The problem =>
Omit the pictures while printing every entry below exactly as given.

Entries provided =>

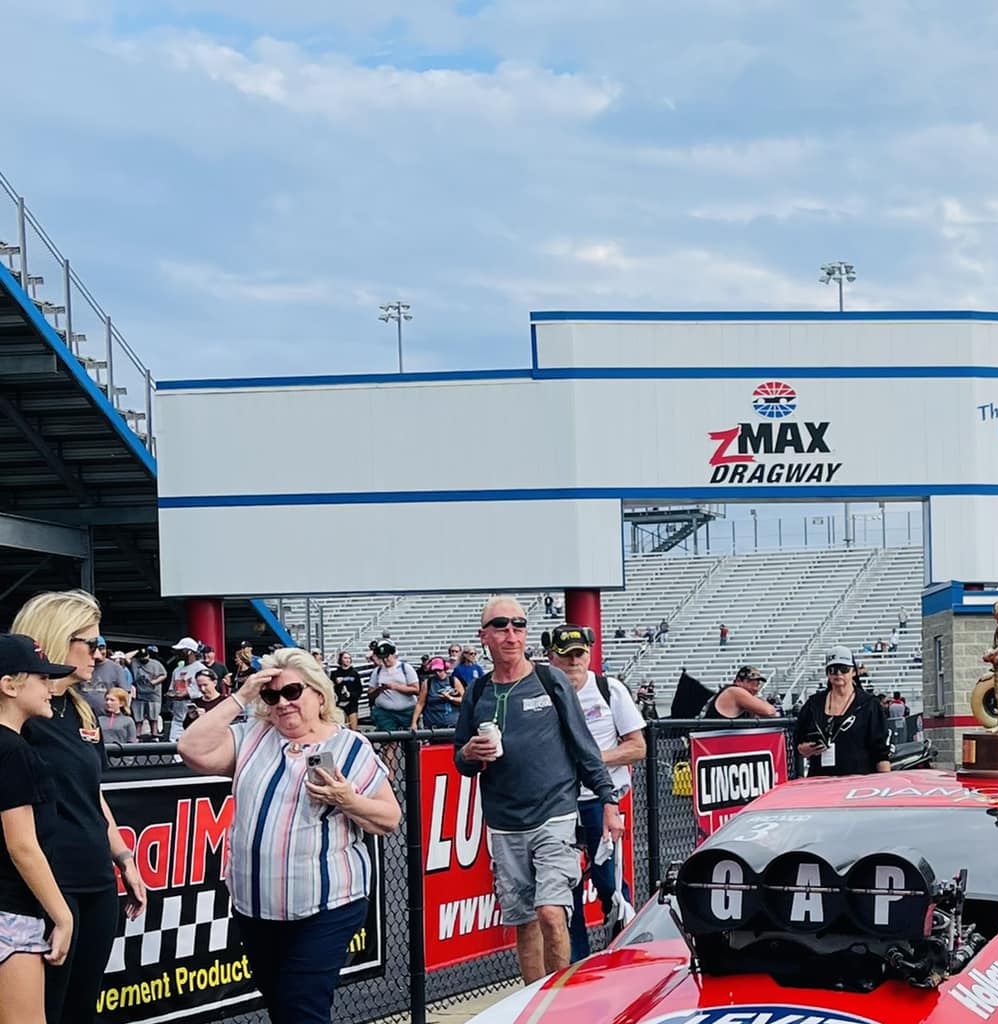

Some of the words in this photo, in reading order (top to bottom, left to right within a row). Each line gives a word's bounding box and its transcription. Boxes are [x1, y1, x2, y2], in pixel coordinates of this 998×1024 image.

[709, 463, 843, 484] DRAGWAY
[701, 761, 770, 805] LINCOLN
[425, 773, 493, 872] LU
[96, 972, 172, 1013] vement
[175, 954, 252, 995] Product

Task result =>
Some of the words in this photo, in reading order (top to bottom, left to right within a row). Each line gives a word's bounding box and its transcription. Boxes are [x1, y1, x2, y2], in pixel coordinates of this 998×1024 image.

[709, 463, 843, 484] DRAGWAY
[701, 761, 770, 805] LINCOLN
[425, 773, 493, 872] LU
[96, 972, 172, 1013] vement
[175, 954, 252, 995] Product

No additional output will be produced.